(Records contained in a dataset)
▼▼▼
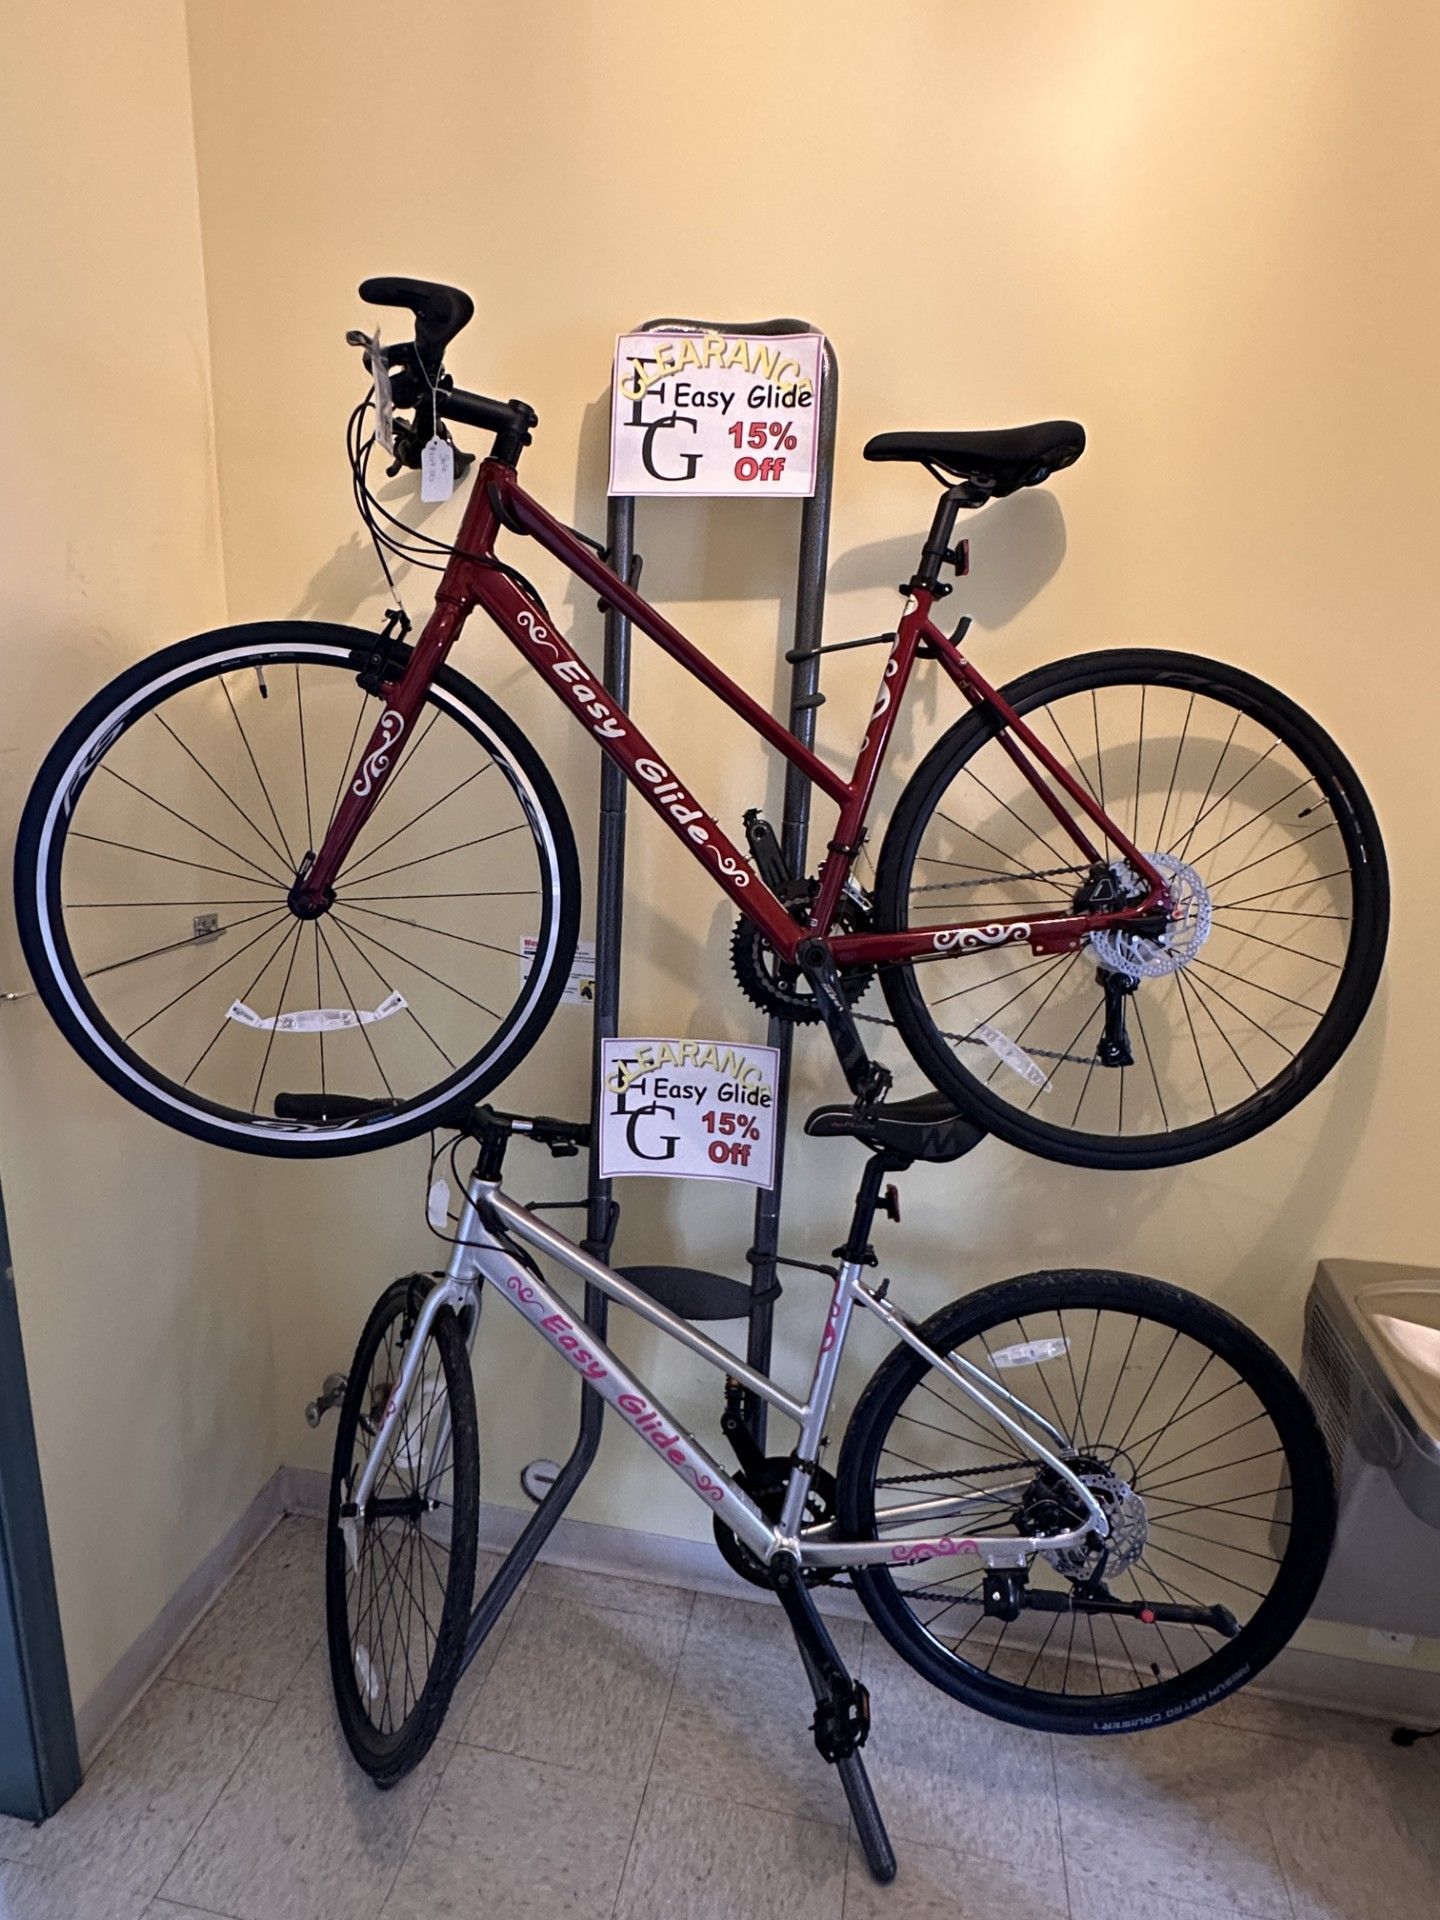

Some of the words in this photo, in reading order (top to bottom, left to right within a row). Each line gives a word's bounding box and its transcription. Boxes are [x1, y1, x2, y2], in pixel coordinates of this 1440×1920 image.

[674, 382, 735, 416] Easy
[747, 384, 812, 408] Glide
[728, 420, 798, 451] 15%
[734, 456, 786, 481] Off
[552, 660, 626, 739] Easy
[635, 758, 709, 845] Glide
[654, 1078, 707, 1105] Easy
[717, 1083, 772, 1108] Glide
[701, 1110, 760, 1140] 15%
[708, 1141, 751, 1166] Off
[540, 1314, 607, 1380] Easy
[617, 1394, 687, 1466] Glide
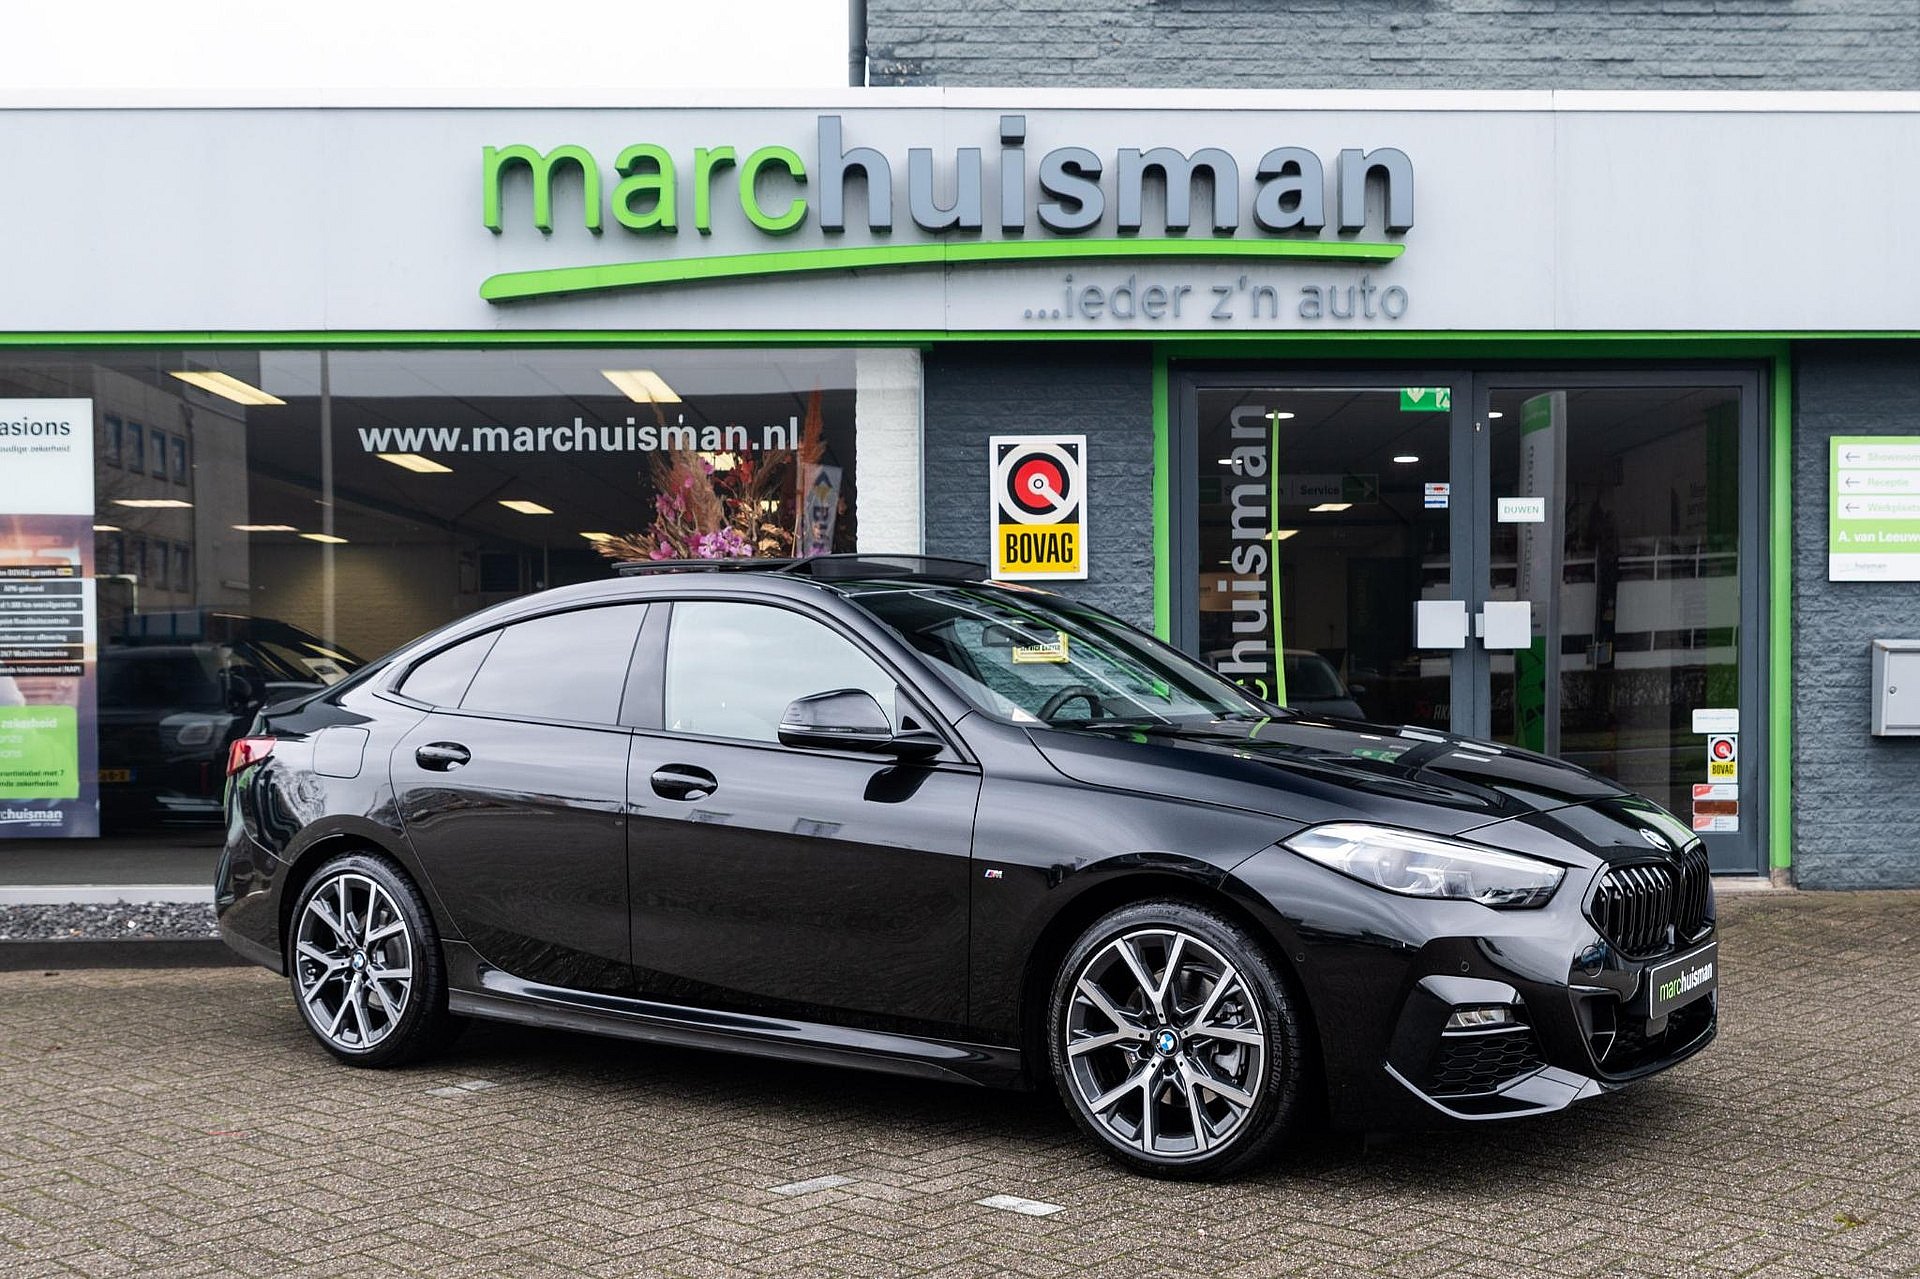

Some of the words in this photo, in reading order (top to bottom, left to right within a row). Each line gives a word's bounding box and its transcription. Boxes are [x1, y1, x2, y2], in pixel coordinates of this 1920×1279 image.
▲▲▲
_TASK_: Word for word, set down every record, keeping the images out.

_RESPONSE TO THIS EXERCISE_:
Some of the words in this photo, in reading order (top to bottom, left to right within a row). Each line gives a word's bounding box and its transcription. Boxes are [x1, y1, x2, y2], in pixel coordinates of this 1440×1920 image.

[674, 382, 735, 416] Easy
[747, 384, 812, 408] Glide
[728, 420, 798, 451] 15%
[734, 456, 786, 481] Off
[552, 660, 626, 739] Easy
[635, 758, 709, 845] Glide
[654, 1078, 707, 1105] Easy
[717, 1083, 772, 1108] Glide
[701, 1110, 760, 1140] 15%
[708, 1141, 751, 1166] Off
[540, 1314, 607, 1380] Easy
[617, 1394, 687, 1466] Glide

Some of the words in this photo, in reading order (top to bottom, left to right within a row). Each line gives a word's bounding box and its transcription. Boxes are [x1, y1, x2, y2], in pixel coordinates of this 1920×1279 image.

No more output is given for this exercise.